Olhar – Autistas evitam olhar
diretamente nos olhos dos interlocutores. Adultos com TEA podem aprender a
mascarar esse aspecto, mas de alguma forma isso vai continua aparecendo, de
forma menos visível. Minha esposa, por exemplo, reclamava que nas fotos o meu
olhar quase sempre estava em outra direção, e não na direção de quem estava
tirando a foto. Só fui entender o porquê disso depois do diagnóstico.
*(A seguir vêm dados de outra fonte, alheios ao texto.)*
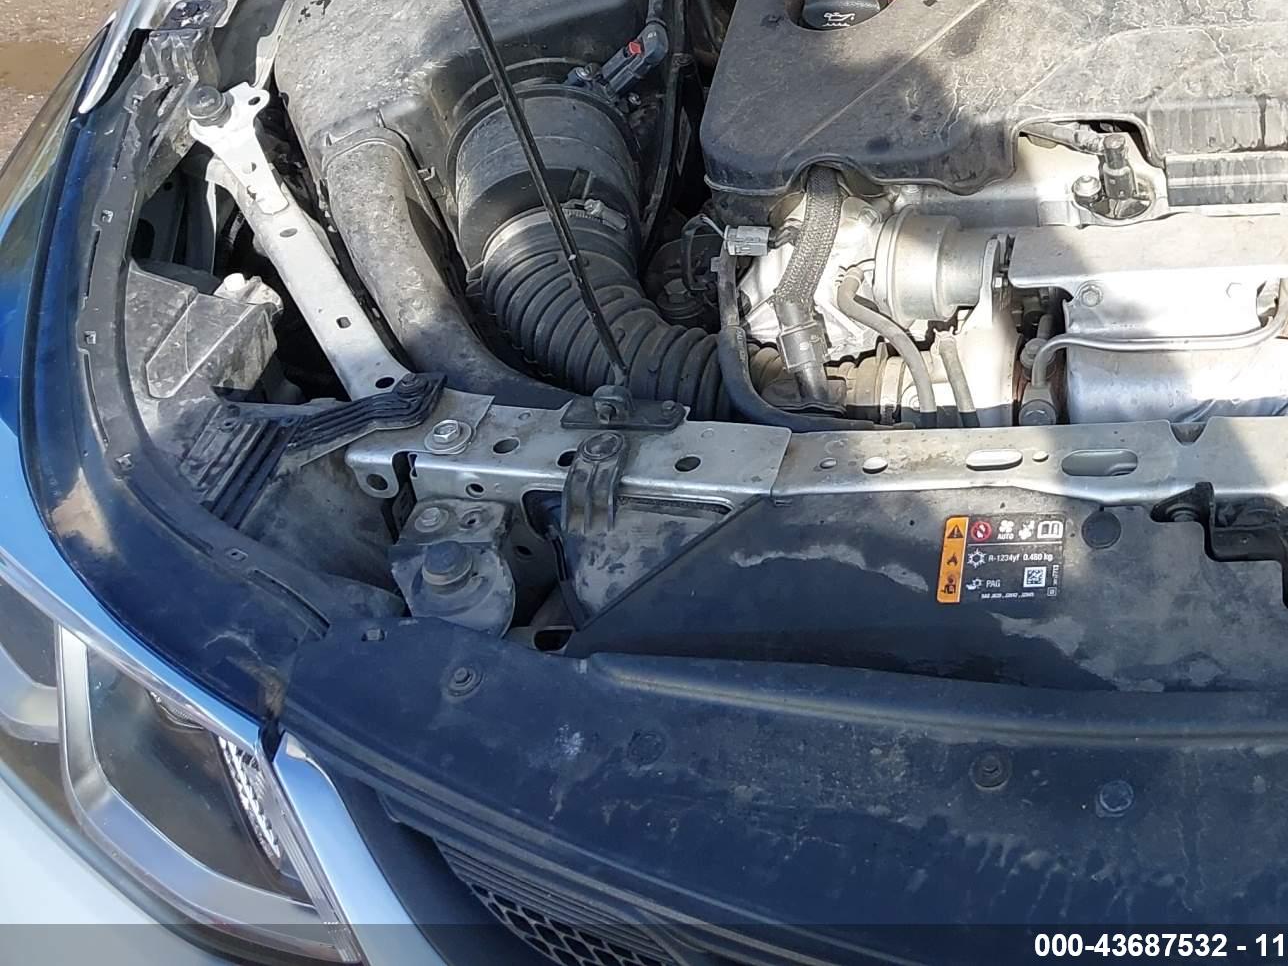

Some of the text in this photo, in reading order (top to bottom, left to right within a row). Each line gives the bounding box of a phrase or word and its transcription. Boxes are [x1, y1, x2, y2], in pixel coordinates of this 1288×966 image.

[997, 532, 1014, 540] AUTO
[988, 553, 1020, 563] R-1234yf
[1043, 552, 1054, 563] kg
[986, 579, 1001, 588] PAG
Saudades – Esse foi um dos
aspectos que mais me surpreenderam quando fazia a investigação para diagnóstico
de TEA. Eu percebi que não só não sinto saudades como não consigo compreender
esse sentimento. Isso não significa que o autista não goste da pessoa, claro. Apenas
não sentimos aquilo que as pessoas chamam de saudades. Podemos sentir falta de
situações ou locais, mas não é exatamente saudades. Talvez isso esteja ligado
ao hiper-foco: estamos tão focados em determinada atividade ou assunto que não
temos tempo para sentir saudades. É bom destacar, no entanto, que autismo é um
espectro, e alguns autistas podem sentir saudades em menor ou maior nível.
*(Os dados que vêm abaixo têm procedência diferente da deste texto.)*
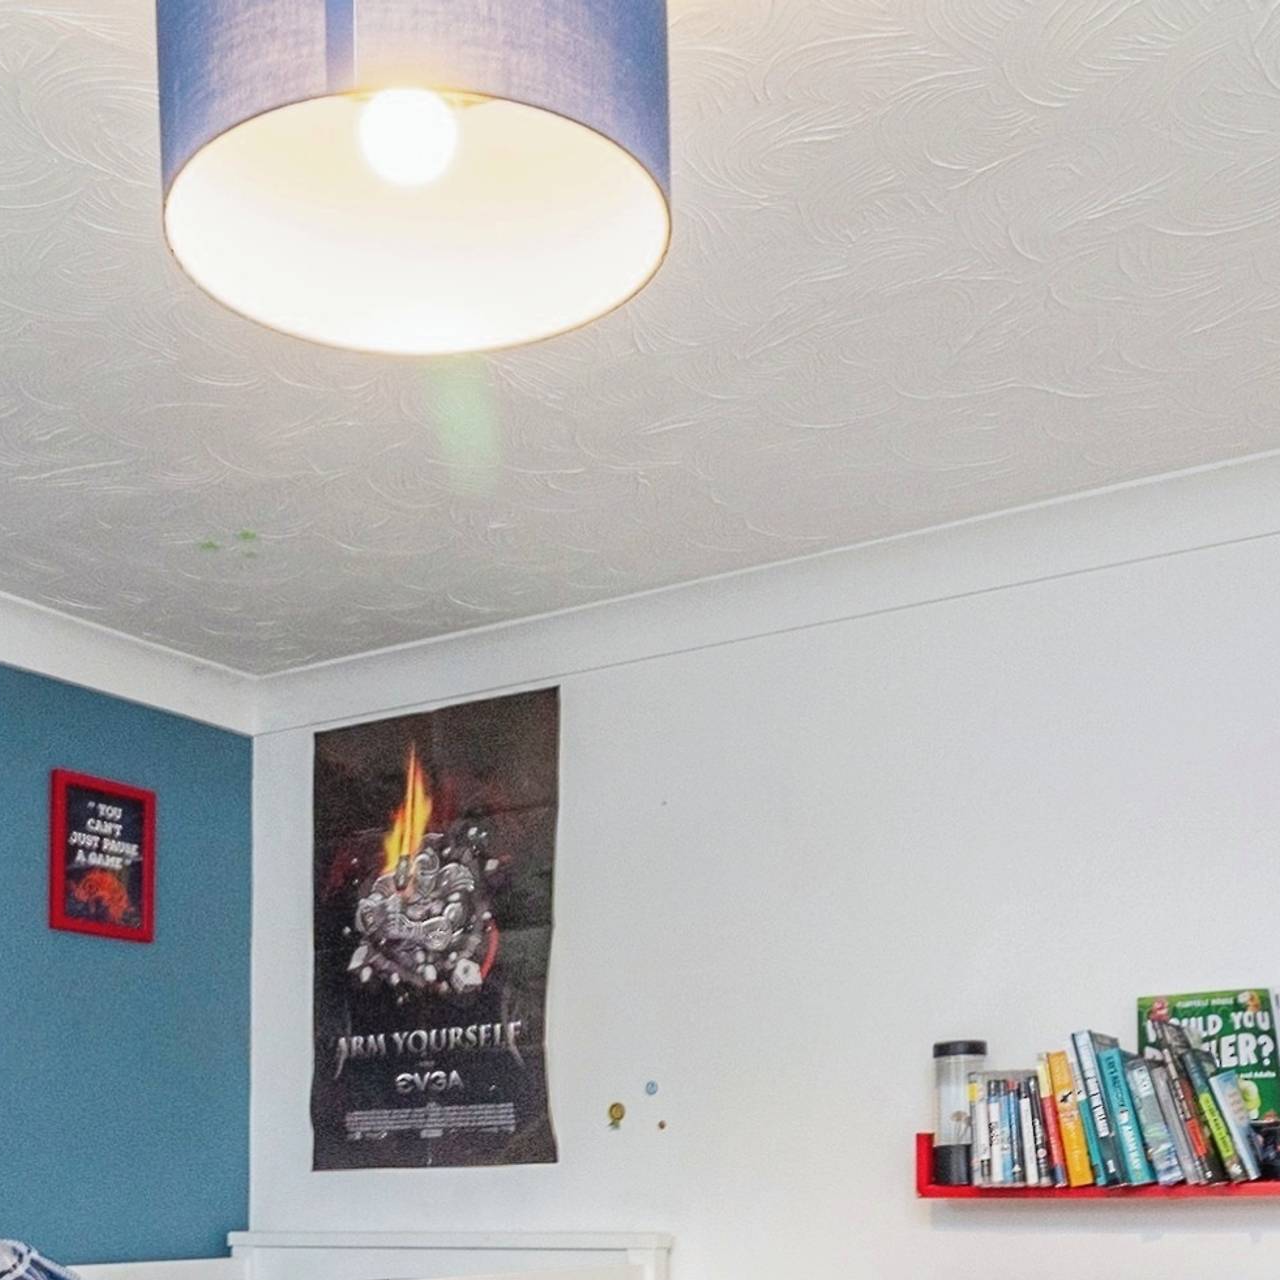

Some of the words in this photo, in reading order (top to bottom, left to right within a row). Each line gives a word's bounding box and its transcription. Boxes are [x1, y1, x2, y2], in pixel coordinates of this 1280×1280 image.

[98, 803, 122, 820] YOU
[68, 831, 100, 849] JUST
[75, 849, 86, 866] A
[88, 851, 122, 870] GAME
[1230, 1010, 1270, 1031] YOU
[392, 1021, 523, 1062] YOURSELF
Crise de ausência (shutdown) – É
um desligamento, um retraimento experimentado por pessoas com autismo em
situações de muito estímulo sensorial ou social. Eu jurava que nunca tinha tido
uma crise de ausência até me lembrar do que uma professora disse para minha mãe
quando eu estava no primário. Segundo ela, eu era um ótimo aluno, mas muitas
vezes parecia não estar presente, como se apenas o corpo estivesse ali, mas a
mente não. O shutdown pode ser uma forma de autoregulação em situações de
sobrecarga sensorial ou situações de interação social.
Rigidez cognitiva – A
rigidez cognitiva diz respeito à dificuldade de se adaptar a mudanças e a
tendência em manter padrões fixos de comportamento. Isso geralmente se reflete
em rotinas e repetições. Eu, por exemplo, durante anos, sempre que ia viajar de
avião, usava sempre a mesma camisa, que era usada apenas durante as viagens de
avião.
Contato físico – A
maioria dos autistas tem problemas com contato físico, provavelmente por conta
da hiper-sensibilidade tátil. Eu só abraço alguém se tiver realmente muita
intimidade com ela e se na primeira vez que conheço alguém ela vier me abraçar,
eu simplesmente travo. A pessoa de quem herdei o autismo provavelmente foi
minha avó e não lembro dela abraçando as pessoas. Os autistas, aliás, não
precisam de contato físico para demonstrar afeto. Muitas vezes eu e minha avó
nos sentávamos perto um do outro, cada um lendo o seu livro e, mesmo sem
qualquer interação, a simples presença do outro já era bastante reconfortante.